EXERCISE GOAL: Repeat the listing exactly, minus the pictures.

SOURCE DATA:
----

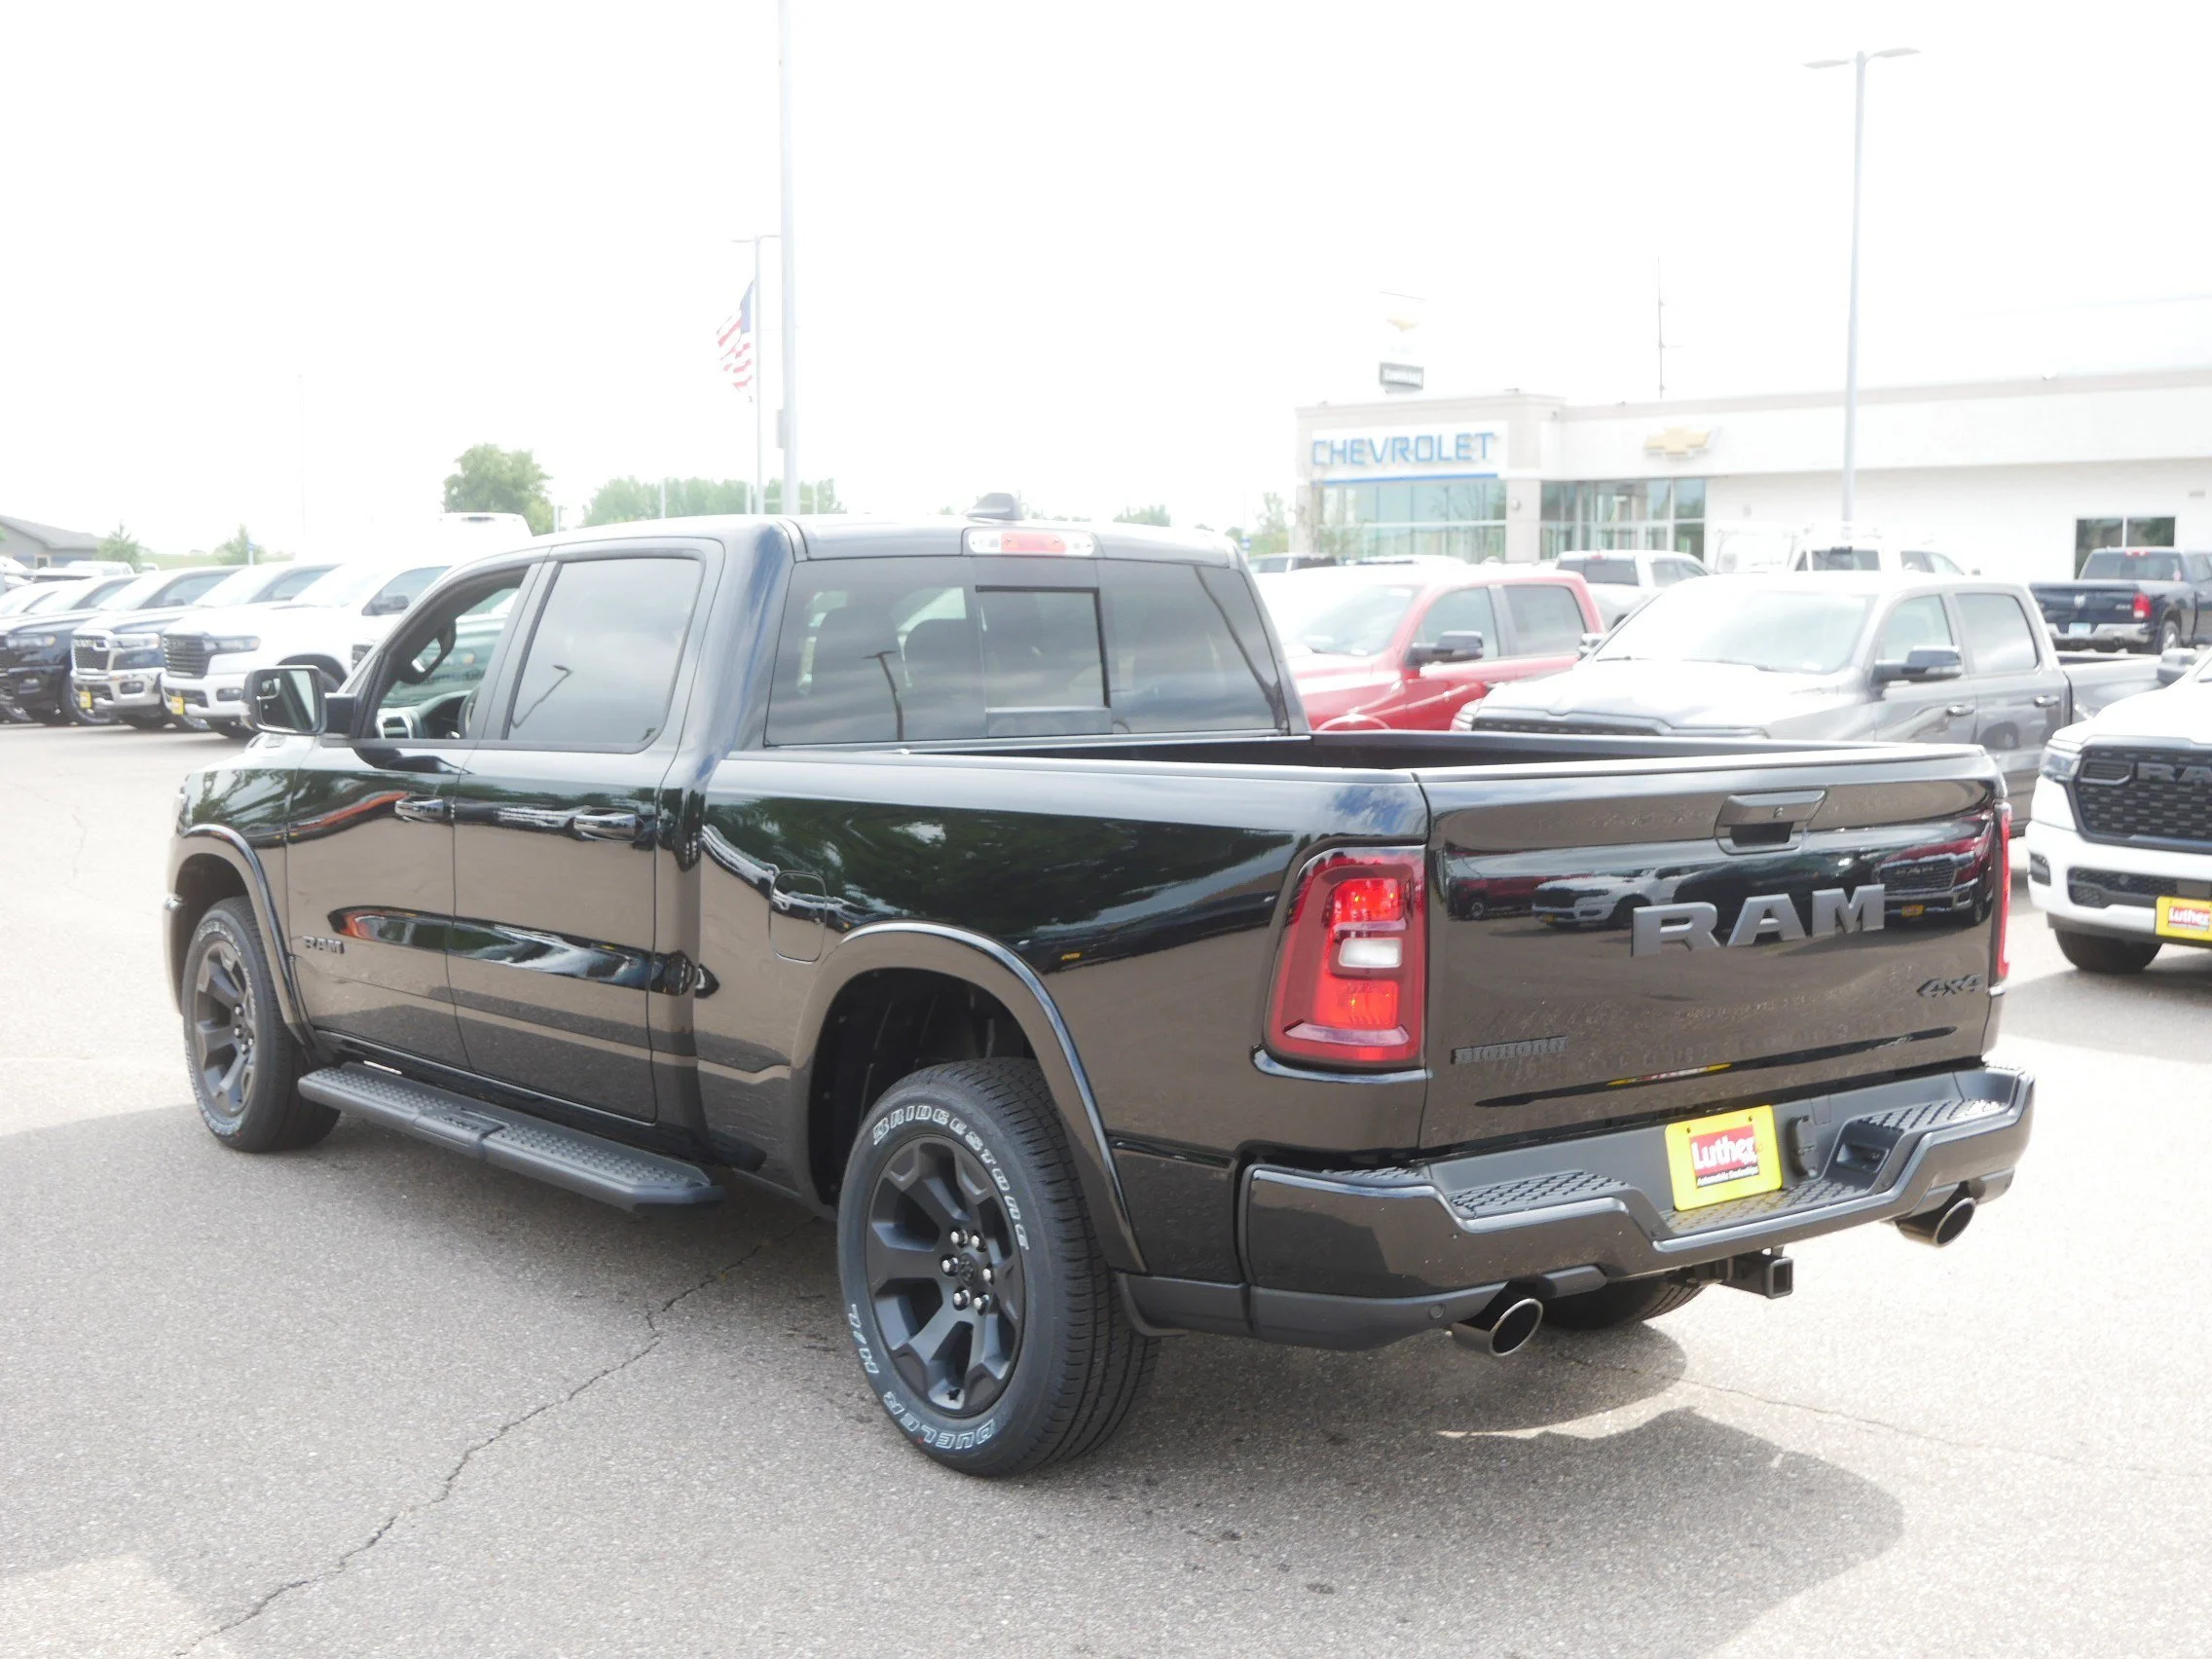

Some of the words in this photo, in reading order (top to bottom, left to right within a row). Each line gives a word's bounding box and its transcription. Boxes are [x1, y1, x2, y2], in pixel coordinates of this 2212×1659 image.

[1311, 431, 1494, 466] CHEVROLET
[1630, 883, 1886, 957] RAM
[303, 936, 345, 954] RAM
[1692, 1135, 1758, 1169] Luther
[872, 1105, 1030, 1250] BRIDGESTONE
[883, 1390, 997, 1450] DUELER
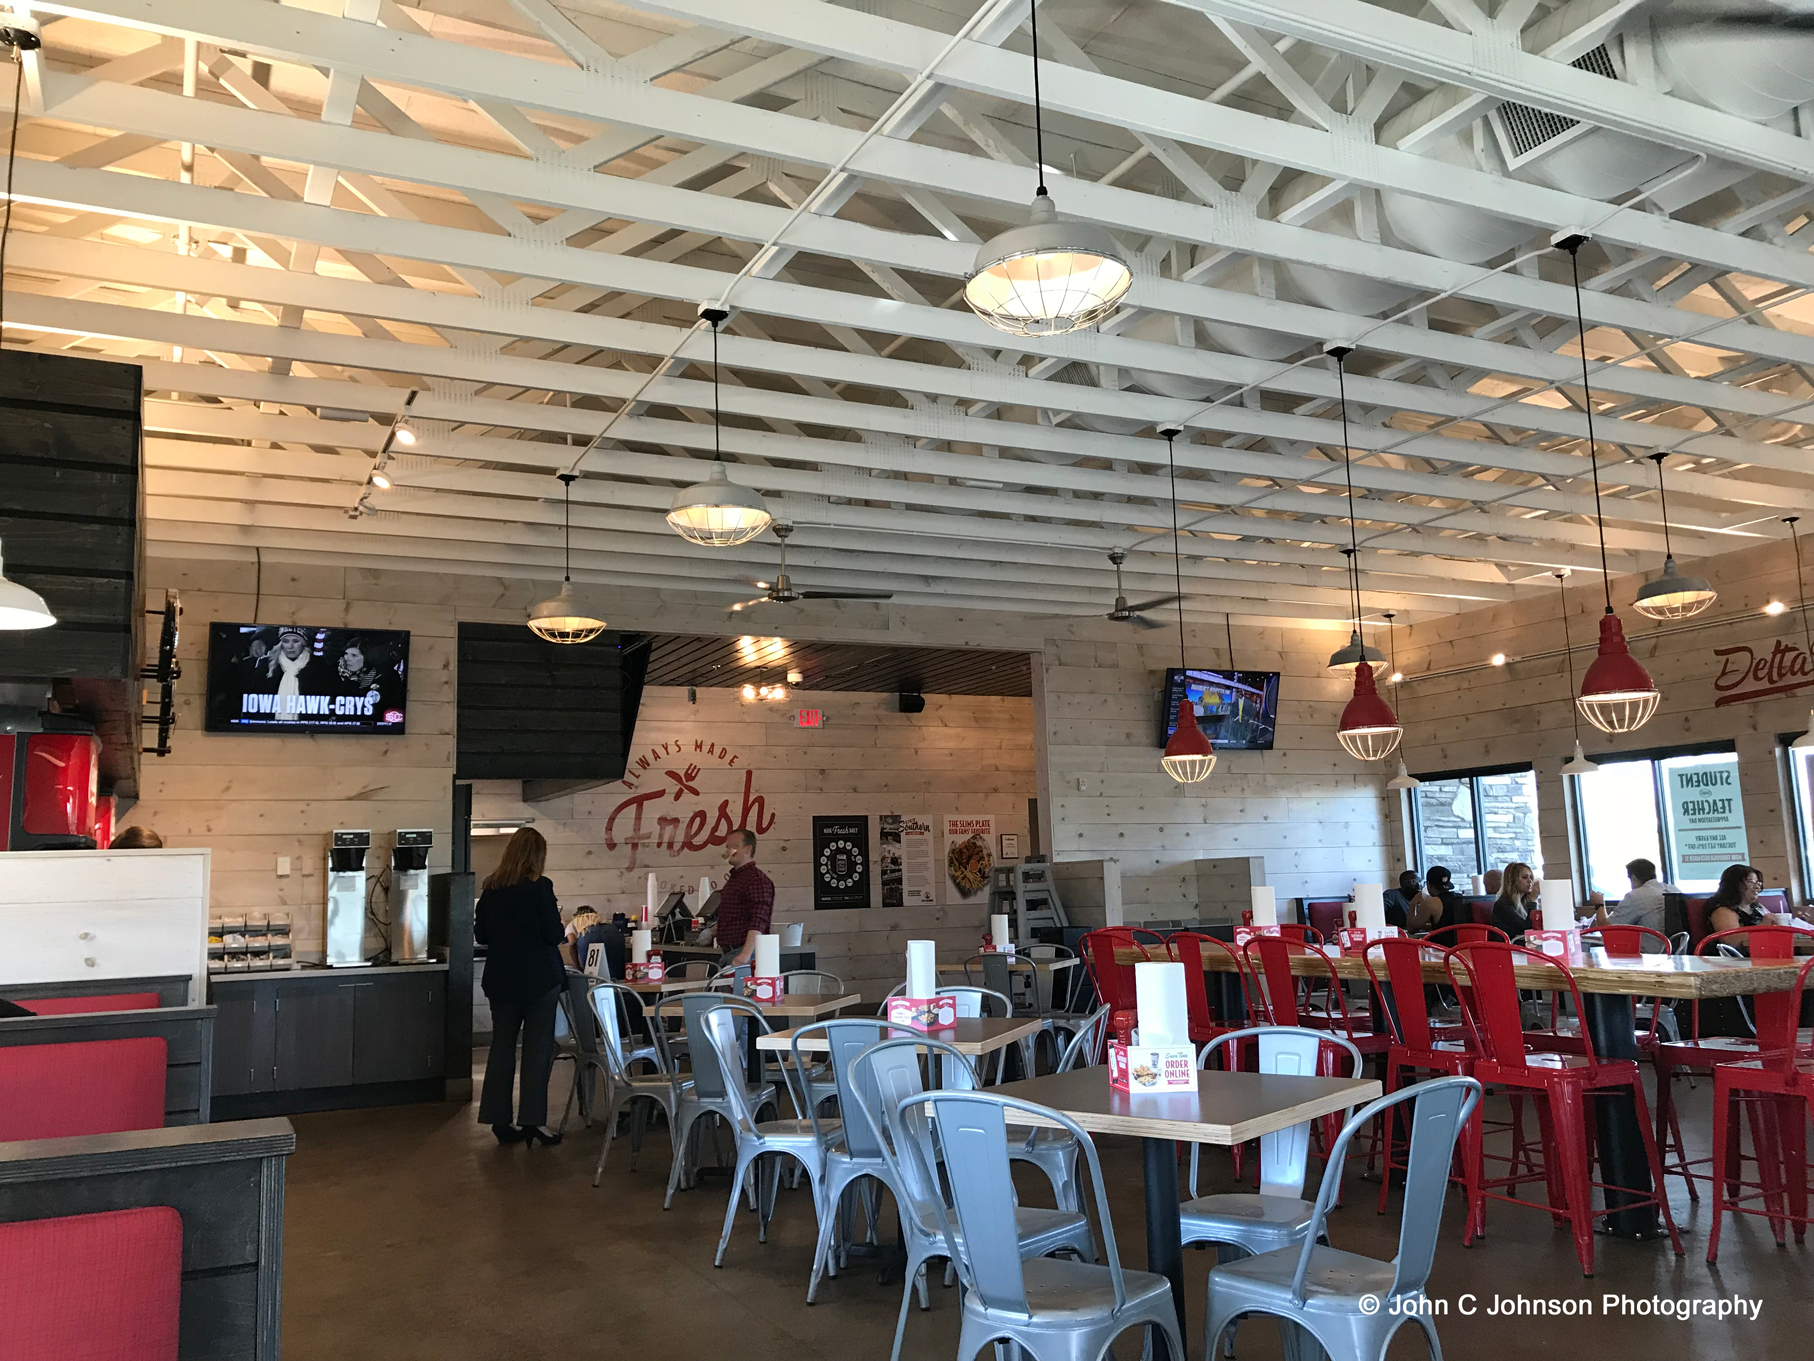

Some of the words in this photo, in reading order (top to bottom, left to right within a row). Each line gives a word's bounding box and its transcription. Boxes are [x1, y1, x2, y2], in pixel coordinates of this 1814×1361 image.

[242, 693, 282, 714] IOWA
[286, 695, 374, 716] HAWK-CRYS
[799, 709, 819, 727] EXIT
[621, 739, 682, 790] ALWAYS
[694, 739, 739, 767] MADE
[605, 769, 776, 873] Fresh
[898, 820, 931, 833] Southern
[948, 820, 959, 828] THE
[975, 820, 991, 828] PLATE
[587, 948, 600, 968] 81
[1165, 1059, 1189, 1069] ORDER
[1164, 1069, 1190, 1079] ONLINE

----

SOLUTION FOR THIS EXERCISE:
Some of the words in this photo, in reading order (top to bottom, left to right within a row). Each line gives a word's bounding box and its transcription. Boxes are [x1, y1, x2, y2], in pixel coordinates of this 2212×1659 image.

[1311, 431, 1494, 466] CHEVROLET
[1630, 883, 1886, 957] RAM
[303, 936, 345, 954] RAM
[1692, 1135, 1758, 1169] Luther
[872, 1105, 1030, 1250] BRIDGESTONE
[883, 1390, 997, 1450] DUELER

Some of the words in this photo, in reading order (top to bottom, left to right within a row). Each line gives a word's bounding box and its transcription. Boxes are [x1, y1, x2, y2], in pixel coordinates of this 1814×1361 image.

[242, 693, 282, 714] IOWA
[286, 695, 374, 716] HAWK-CRYS
[799, 709, 819, 727] EXIT
[621, 739, 682, 790] ALWAYS
[694, 739, 739, 767] MADE
[605, 769, 776, 873] Fresh
[898, 820, 931, 833] Southern
[948, 820, 959, 828] THE
[975, 820, 991, 828] PLATE
[587, 948, 600, 968] 81
[1165, 1059, 1189, 1069] ORDER
[1164, 1069, 1190, 1079] ONLINE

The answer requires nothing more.